File "c:/Users/apple/Desktop/程序/py/5 copy.py", line 12, in generate_graph edges = random.sample(nodes, random.randint(1, 10)) File "C:\Python36-32\lib\random.py", line 318, in sample raise ValueError("Sample larger than population or is negative") ValueError: Sample larger than population or is negative

时间: 2024-04-23 20:27:45 浏览: 165
这个报错是由于使用 `random.sample()` 函数时,抽样的数量大于节点的总数,或者抽样的数量为负数。

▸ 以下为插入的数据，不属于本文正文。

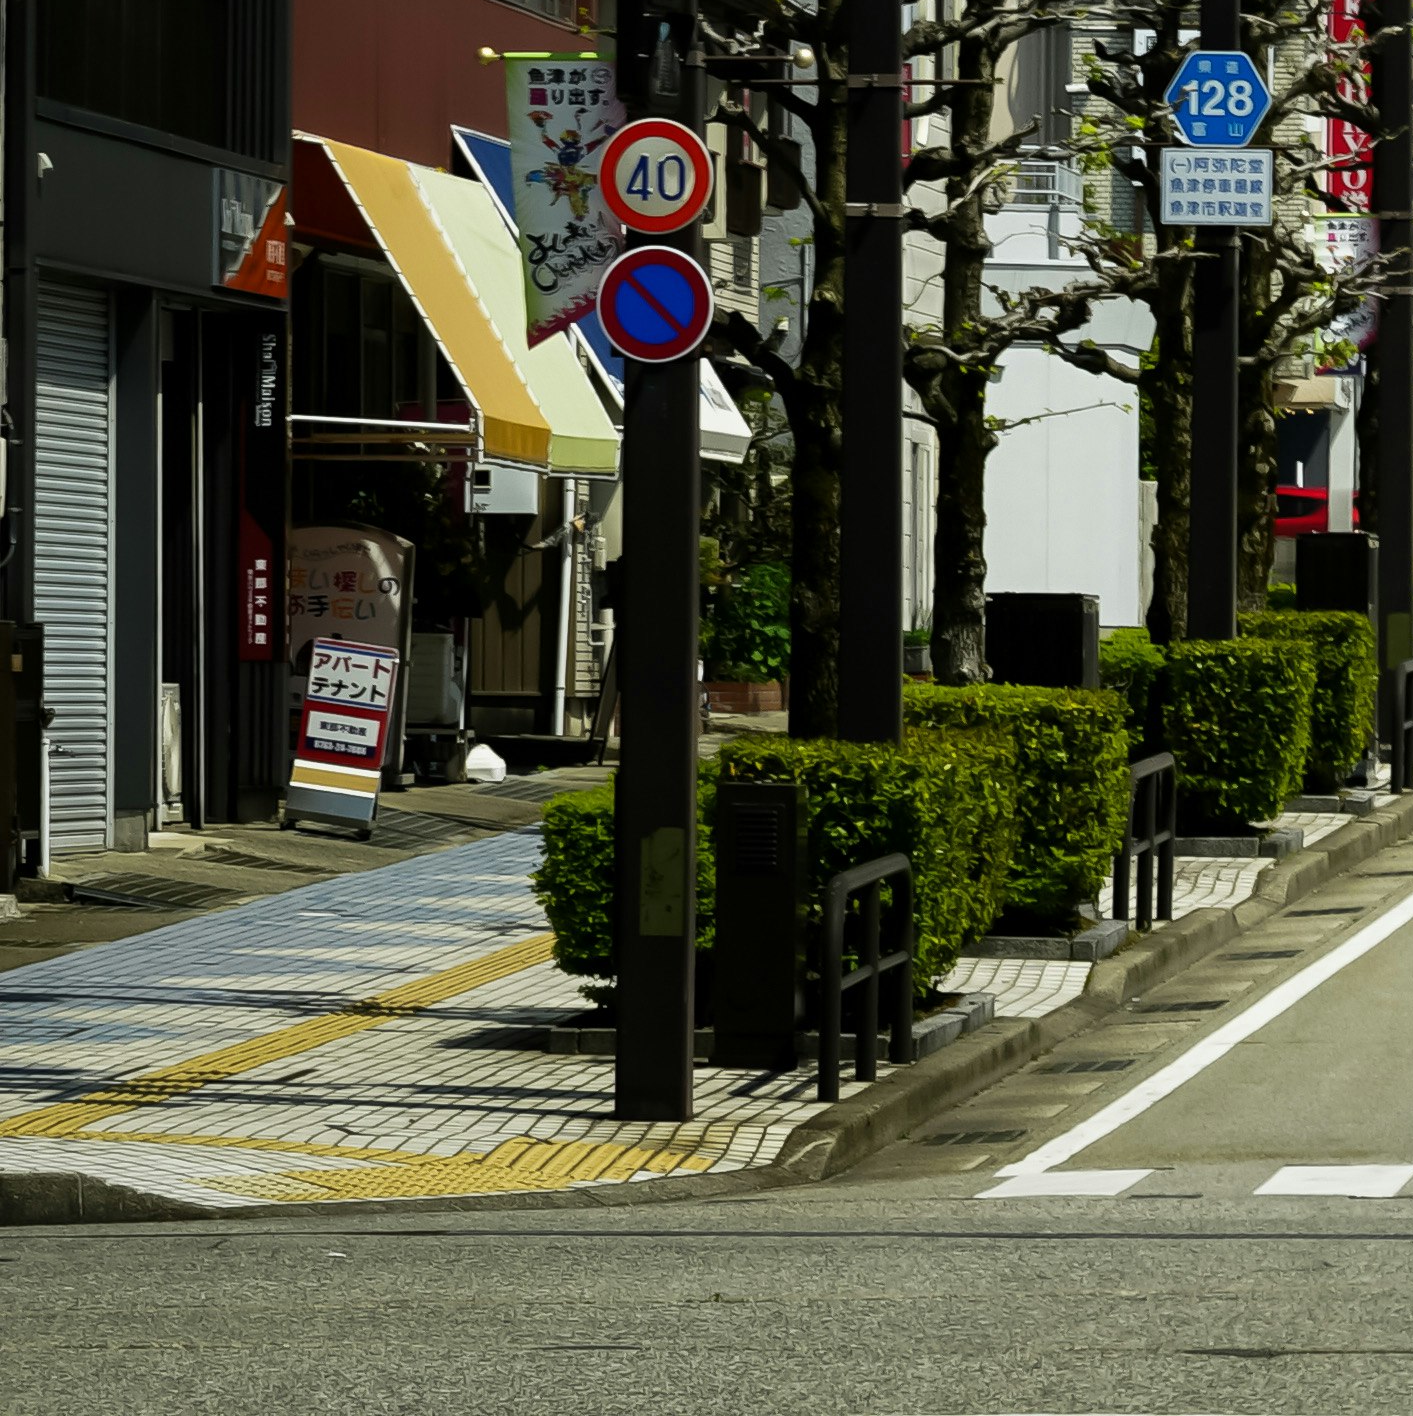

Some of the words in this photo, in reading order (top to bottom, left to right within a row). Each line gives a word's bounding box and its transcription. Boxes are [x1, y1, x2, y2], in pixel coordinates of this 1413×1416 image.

`random.sample()` 函数的第二个参数是抽样的数量,而第一个参数是要从中进行抽样的序列。 请确保你传递给 `random.sample()` 函数的第一个参数是一个包含节点的序列,并且第二个参数是一个大于等于0且小于等于序列长度的整数。 例如,如果你有一个包含节点的列表 `nodes`,你可以使用以下方式进行抽样: ```python import random # 假设有一个包含节点的列表 nodes = ['A', 'B', 'C', 'D', 'E'] # 随机抽取1到10个节点 sample_size = random.randint(1, min(len(nodes), 10)) edges = random.sample(nodes, sample_size) ``` 在这个例子中,`sample_size` 是一个在1到10之间的随机整数,确保不会超过节点的数量。然后使用 `random.sample()` 函数从 `nodes` 列表中抽取 `sample_size` 个节点。 请检查一下你的代码,确保你在调用 `random.sample()` 函数时遵循了以上的方法。如果问题仍然存在,请提供更多相关代码,我将尽力帮助你解决问题。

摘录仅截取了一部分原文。